So Lucky: A Novel
- Author: Nicola Griffith
- Language: English
- Genre: Science fiction novel
- Publisher: MCD x FSG Originals
- Publication date: May 15, 2018
- Publication place: United States
- Media type: Print (Paperback, Hardcover); Audiobook
- Pages: 192
- ISBN: 9780374265922

= So Lucky (novel) =

2018 autobiographical novel by Nicola Griffith

So Lucky: A Novel is an autobiographical novel by Nicola Griffith, published May 15, 2018 by MCD x FSG Originals. The book follows Mara Tagarelli as she is diagnosed with multiple sclerosis (MS) and must step down from her role as director for a multi-million AIDS organization. All the while, a serial killer is targeting individuals with MS.

== Reception ==
A number of reviews focused on the book's representation of multiple sclerosis. June Sawyer, writing for Booklist, noted, "Griffith, who has herself been diagnosed with MS, presents a fresh and powerful novel and antidote to the sense of victimhood." Dana Hansen of the Chicago Review of Books echoed the sentiment, stating, "Far too little fiction reflects the experiences and realities of those with disabilities, and when it does, it often reads as an exercise in tokenism. In So Lucky, a disconcerting but very necessary book, Griffith presents a protagonist with substance, complexity, and purpose. Mara is so much more than her diagnosis and limitations, but her story underlines the insidiousness of ableism and the lamentable mistreatment and neglect of the chronically ill and disabled among us." Lambda Literary Foundation's Anne Charles wrote, "The world of Nicola Griffith’s So Lucky is governed by ableist misconception and ignorance, but it is also marked by hope and human connection ... It’s a narrative that at once informs, confronts, puzzles and engages. I have little doubt that readers who take it up will be rewarded." Publishers Weekly added, "Anyone who’s ever struggled with medical adversity will be inspired."

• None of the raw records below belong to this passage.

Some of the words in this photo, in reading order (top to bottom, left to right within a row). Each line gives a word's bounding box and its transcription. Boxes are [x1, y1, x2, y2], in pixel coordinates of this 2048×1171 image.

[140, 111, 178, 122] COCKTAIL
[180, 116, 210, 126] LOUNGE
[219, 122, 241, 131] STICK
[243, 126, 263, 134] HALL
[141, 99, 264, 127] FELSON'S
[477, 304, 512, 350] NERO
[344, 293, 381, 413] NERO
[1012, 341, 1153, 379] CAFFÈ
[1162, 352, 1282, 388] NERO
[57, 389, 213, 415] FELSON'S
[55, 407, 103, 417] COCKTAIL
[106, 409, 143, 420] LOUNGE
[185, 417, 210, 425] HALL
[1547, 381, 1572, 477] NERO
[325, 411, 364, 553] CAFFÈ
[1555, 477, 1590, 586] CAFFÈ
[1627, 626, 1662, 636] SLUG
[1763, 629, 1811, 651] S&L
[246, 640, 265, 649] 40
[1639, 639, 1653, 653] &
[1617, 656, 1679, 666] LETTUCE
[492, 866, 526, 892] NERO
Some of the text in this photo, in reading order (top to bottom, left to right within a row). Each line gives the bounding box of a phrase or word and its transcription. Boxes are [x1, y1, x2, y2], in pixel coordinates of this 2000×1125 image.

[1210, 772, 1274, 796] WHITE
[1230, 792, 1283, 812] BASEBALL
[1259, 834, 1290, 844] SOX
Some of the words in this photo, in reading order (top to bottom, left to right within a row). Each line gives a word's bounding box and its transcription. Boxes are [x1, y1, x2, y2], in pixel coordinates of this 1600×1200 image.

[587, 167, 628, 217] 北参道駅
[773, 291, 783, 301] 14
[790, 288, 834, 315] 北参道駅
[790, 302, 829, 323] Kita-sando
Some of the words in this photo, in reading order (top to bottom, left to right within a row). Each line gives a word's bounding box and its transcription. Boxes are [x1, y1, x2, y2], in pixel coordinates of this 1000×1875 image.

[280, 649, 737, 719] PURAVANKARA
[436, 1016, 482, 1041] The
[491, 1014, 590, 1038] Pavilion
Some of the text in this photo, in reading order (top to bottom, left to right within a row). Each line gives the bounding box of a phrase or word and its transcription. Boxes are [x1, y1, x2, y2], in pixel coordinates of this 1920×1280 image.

The New York Times's Amal El-Mohtar called the book "a compact, brutal story of losing power and creating community, fast-paced as a punch in the face." El-Mohtar continued, saying, the book was "beautifully written, with a flexible, efficient precision that embodies the protagonist’s voice and character."

Kirkus described So Lucky as "[a] narrative of disability and its consequences" and provided a poor review, stating the book was "[o]riginal but disappointing."

Autrostraddle named So Lucky one of the best LGBT Books of 2018, and The Boston Globe named it one of the best novels of the year.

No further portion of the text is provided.